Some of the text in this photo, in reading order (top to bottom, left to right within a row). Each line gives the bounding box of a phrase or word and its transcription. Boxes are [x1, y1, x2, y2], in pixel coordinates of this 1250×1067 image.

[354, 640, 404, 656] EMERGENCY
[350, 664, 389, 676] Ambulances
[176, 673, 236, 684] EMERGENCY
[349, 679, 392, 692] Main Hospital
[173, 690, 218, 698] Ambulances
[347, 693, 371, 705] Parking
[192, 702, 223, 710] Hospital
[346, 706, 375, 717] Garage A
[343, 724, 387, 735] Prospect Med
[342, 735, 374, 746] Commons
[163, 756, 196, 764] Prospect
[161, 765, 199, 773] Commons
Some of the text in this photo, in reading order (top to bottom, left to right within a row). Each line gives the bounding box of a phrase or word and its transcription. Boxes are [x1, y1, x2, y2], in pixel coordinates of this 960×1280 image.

* * * *

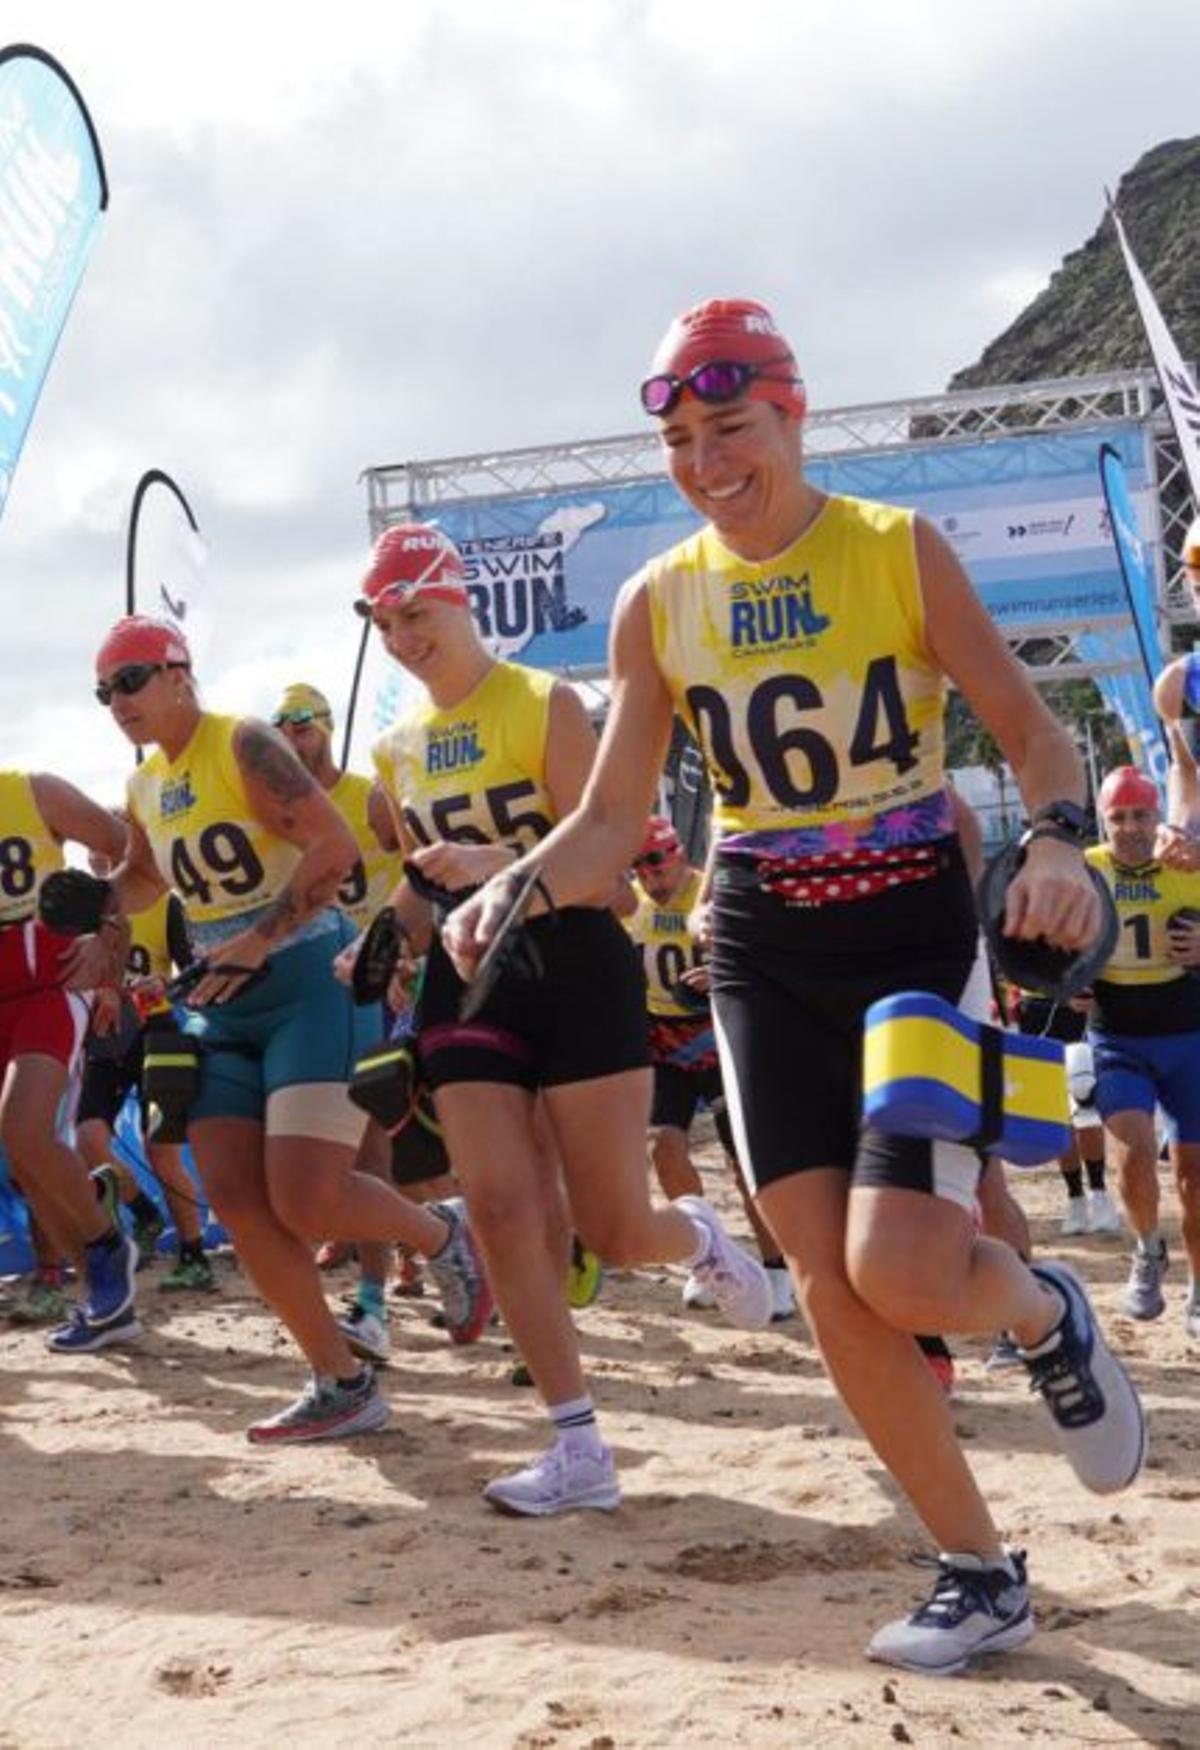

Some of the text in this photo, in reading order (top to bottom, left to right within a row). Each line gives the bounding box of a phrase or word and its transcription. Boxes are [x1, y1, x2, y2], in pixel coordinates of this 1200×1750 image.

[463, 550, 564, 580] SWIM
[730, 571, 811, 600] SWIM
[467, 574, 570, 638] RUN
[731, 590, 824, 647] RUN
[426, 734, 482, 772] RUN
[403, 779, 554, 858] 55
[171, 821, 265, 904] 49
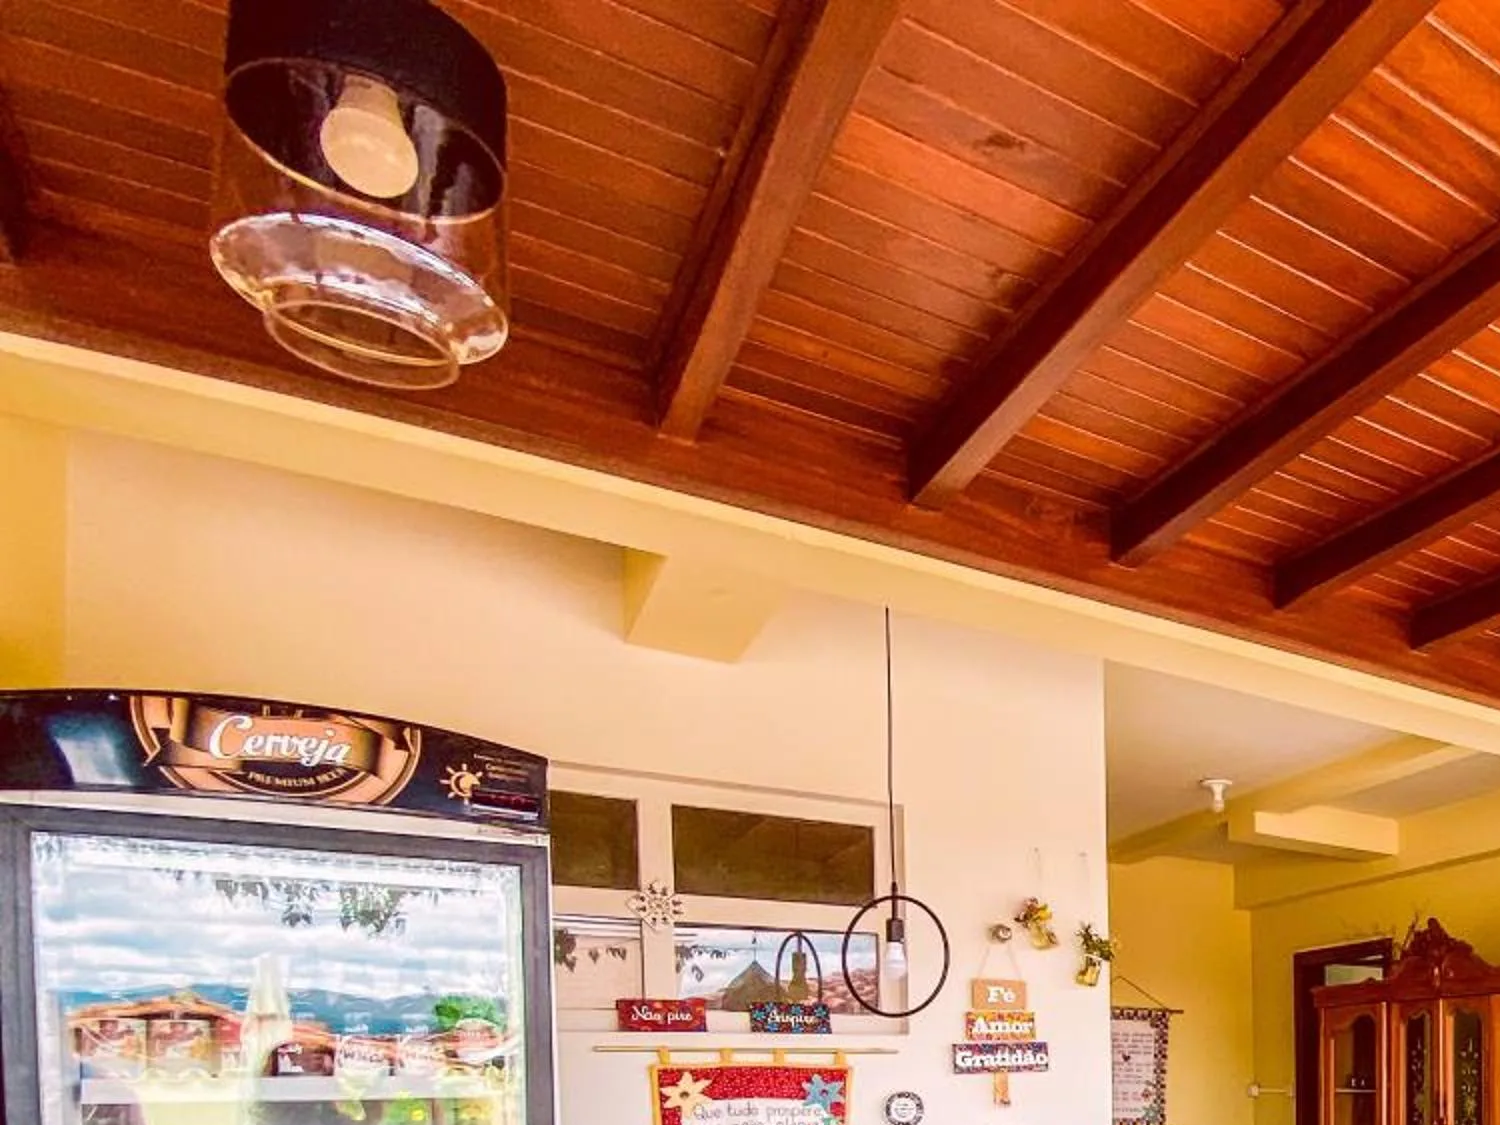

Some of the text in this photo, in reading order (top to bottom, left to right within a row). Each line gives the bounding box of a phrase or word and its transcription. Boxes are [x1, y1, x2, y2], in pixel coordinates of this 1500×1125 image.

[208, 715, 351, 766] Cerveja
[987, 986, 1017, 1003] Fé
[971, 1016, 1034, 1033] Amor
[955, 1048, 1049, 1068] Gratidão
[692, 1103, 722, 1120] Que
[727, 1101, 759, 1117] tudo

* * * *

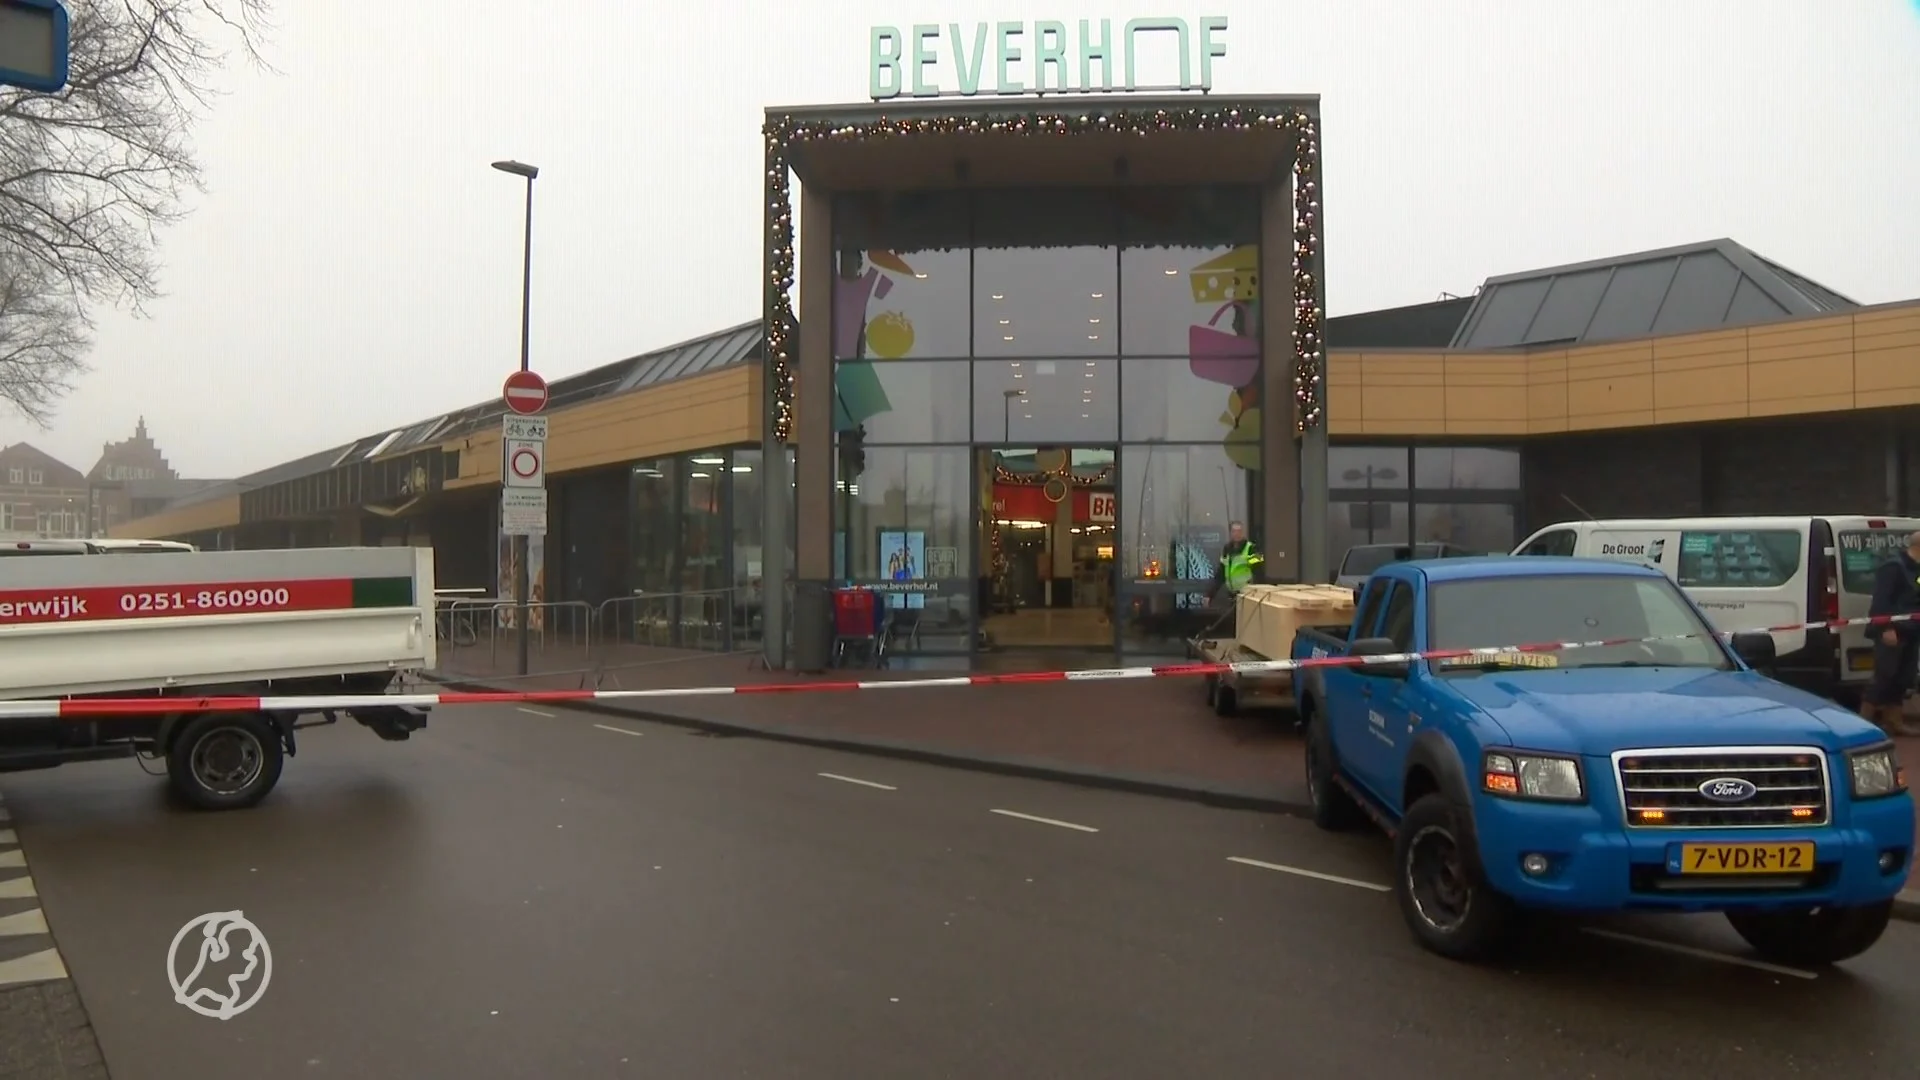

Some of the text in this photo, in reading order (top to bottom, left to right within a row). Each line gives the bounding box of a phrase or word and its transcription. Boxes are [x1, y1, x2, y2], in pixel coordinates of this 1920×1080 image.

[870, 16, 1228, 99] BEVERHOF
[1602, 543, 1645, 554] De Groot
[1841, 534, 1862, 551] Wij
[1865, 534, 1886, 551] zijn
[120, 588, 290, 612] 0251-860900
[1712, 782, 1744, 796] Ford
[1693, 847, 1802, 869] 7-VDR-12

* * * *

# [Problem]
Repeat exactly the lines of the listing above, from the one with "this 1250×1067 image." down to the one with "this 960×1280 image."; both of those lines belong in the range.

# [Your solution]
Some of the text in this photo, in reading order (top to bottom, left to right within a row). Each line gives the bounding box of a phrase or word and its transcription. Boxes are [x1, y1, x2, y2], in pixel coordinates of this 1250×1067 image.

[354, 640, 404, 656] EMERGENCY
[350, 664, 389, 676] Ambulances
[176, 673, 236, 684] EMERGENCY
[349, 679, 392, 692] Main Hospital
[173, 690, 218, 698] Ambulances
[347, 693, 371, 705] Parking
[192, 702, 223, 710] Hospital
[346, 706, 375, 717] Garage A
[343, 724, 387, 735] Prospect Med
[342, 735, 374, 746] Commons
[163, 756, 196, 764] Prospect
[161, 765, 199, 773] Commons
Some of the text in this photo, in reading order (top to bottom, left to right within a row). Each line gives the bounding box of a phrase or word and its transcription. Boxes are [x1, y1, x2, y2], in pixel coordinates of this 960×1280 image.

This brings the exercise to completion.